The 2012 New Years Honours List from the Palace brings news that former Australian prime minister, John Howard, has been made a member of the Order of Merit by the Queen.
General information on the OM can easily be found on the web and so will not be canvassed here, but the appointment of Mr Howard to the Order deserves further consideration.
In Australia, there is a tradition of senior honours being bestowed on those that have reached the apex of public life. Since the office has been "localised", three governors-general (two of whom also served as foreign minister) have been made made Knights of the Garter. Sir Robert Menzies, Australia's longest serving Prime Minister, was made a Knight of the Thistle in 1963. Sir Owen Dixon, regarded as Australia's greatest jurist, was made OM, also in 1963.
No Australian has received a knighthood on an official Australian list since 1990. The last knighthoods from the Royal Prerogative to be bestowed on Australian residents were the KCVO on Sir David Smith in 1992, and the Garter on Sir Ninian Stephen in 1994. It seems that Australia and Canada both now share the Order of Merit as the most senior honour in public life.

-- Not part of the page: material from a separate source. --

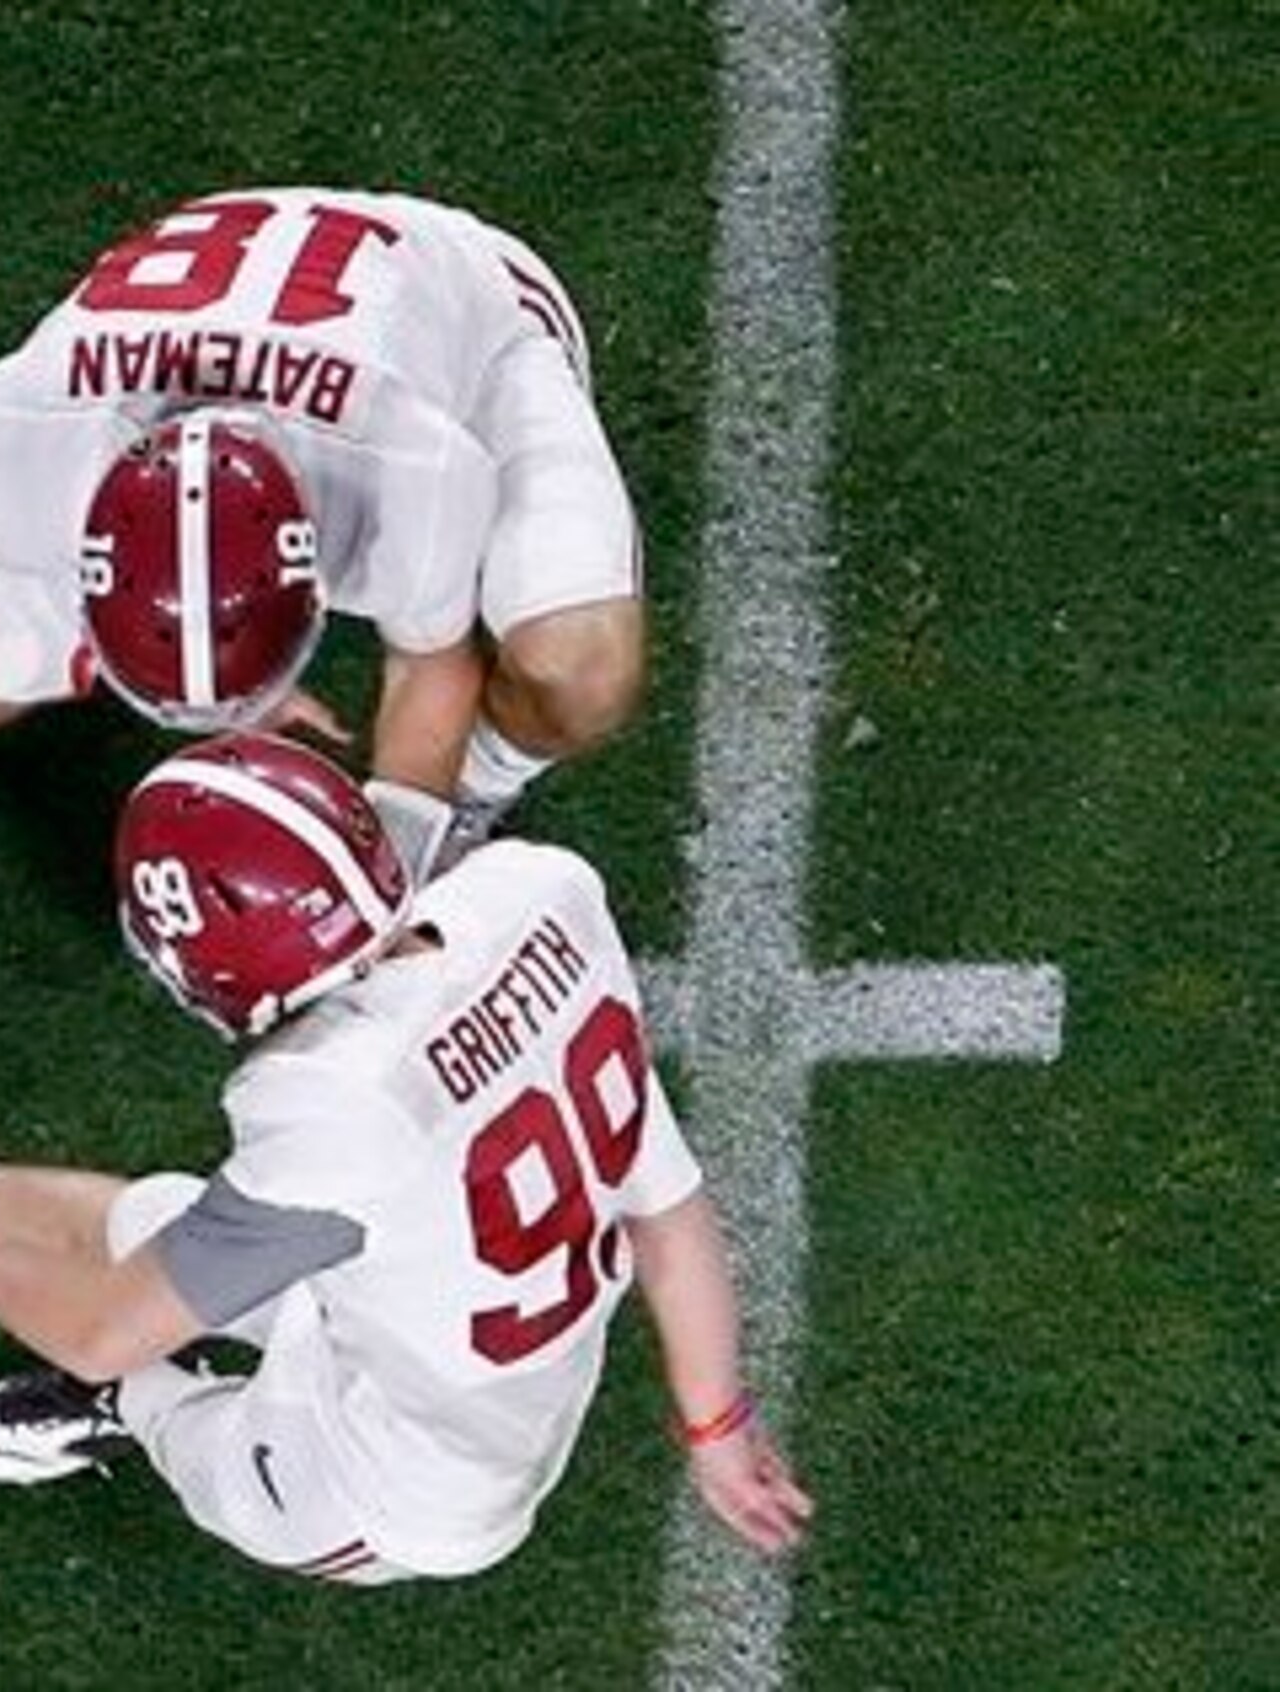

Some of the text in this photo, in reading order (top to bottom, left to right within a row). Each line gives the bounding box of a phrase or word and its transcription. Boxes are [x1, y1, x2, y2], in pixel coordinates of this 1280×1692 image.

Now, John Howard has joined this exclusive group by being made OM - only the second Australian involved in statecraft ever to be so. It is not necessarily an endorsement of his policies, but it is a statement by her that she considers him a first-rank political figure. Given her sixty years on the throne, she has met more successful political figures than anyone else on the planet. Howard's OM is high praise indeed.
The sad fact of course is that no former Labor politicians have been so recognised, although there have been worthy candidates. This is less to do with the Queen, than the Australian Labor Party's strict, unyielding position on the honours system and its support for a republic occasionally turning very nasty and personal. For example, Jack Egerton, a Labor stalwarrt from Queensland was expelled from Labor in the 1970s for accepting a knighthood. Paul Keating's views are also well known on the matter of a republic.

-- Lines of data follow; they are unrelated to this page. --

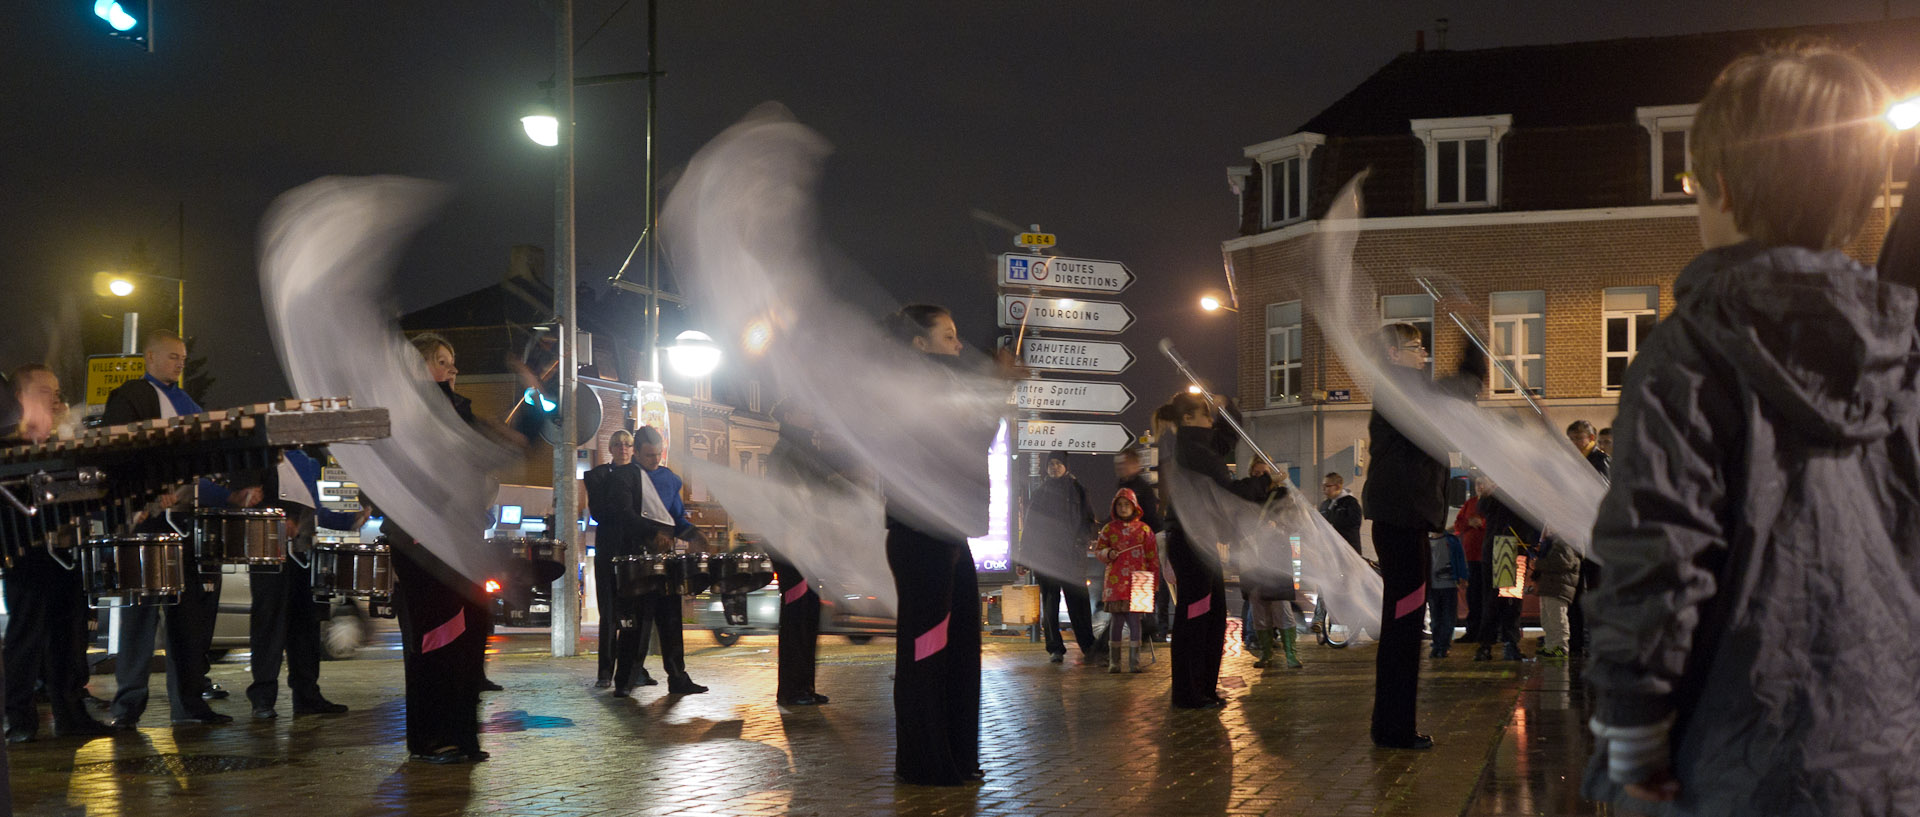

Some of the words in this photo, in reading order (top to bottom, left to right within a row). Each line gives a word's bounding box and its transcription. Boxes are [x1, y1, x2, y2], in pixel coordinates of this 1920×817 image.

[1026, 234, 1033, 244] D
[1036, 234, 1050, 244] 64
[1055, 262, 1095, 274] TOUTES
[1055, 274, 1118, 287] DIRECTIONS
[1034, 307, 1100, 321] TOURCOING
[1030, 342, 1087, 355] SAHUTERIE
[1029, 354, 1099, 367] MACKELLERIE
[92, 362, 113, 372] VILLE
[1050, 385, 1088, 396] Sportif
[1019, 395, 1067, 408] Seigneur
[1027, 424, 1056, 435] GARE
[1017, 438, 1046, 447] ureau
[1051, 438, 1063, 447] de
[1068, 438, 1097, 449] Poste

Pleasingly however, the Prime Minister, Julia Gillard has congratulated Mr Howard on his appointment.
Former Labor prime minister Bob Hawke would be a worthy recipient of the OM (uniquely, he held the AC before entering parliament). But it is not unreasonable for the Queen to avoid giving such prestigious, intimate honours to people who have publicly and repeatedly said that they disapprove of her office.
For so long as Australia is a constitutional monarchy, and the Australian Labor Party obliges its members and leaders to promote its republican platform regardless of what they may think of it privately, it will forever be diminished and absent from the highest reaches of public life. This is not an argument for changing the Constitution - after all, like its competitors, Labor is a mere political party, not a constitutional institution. The Constitution should never be changed for the convenience of a particular political party.
This situation will only change if Labor senses it no longer needs to invest emotionally in a republic, either by its members or its leaders. Time will tell.
In the meantime, congratulations to the Hon. John Howard, OM AC SSI.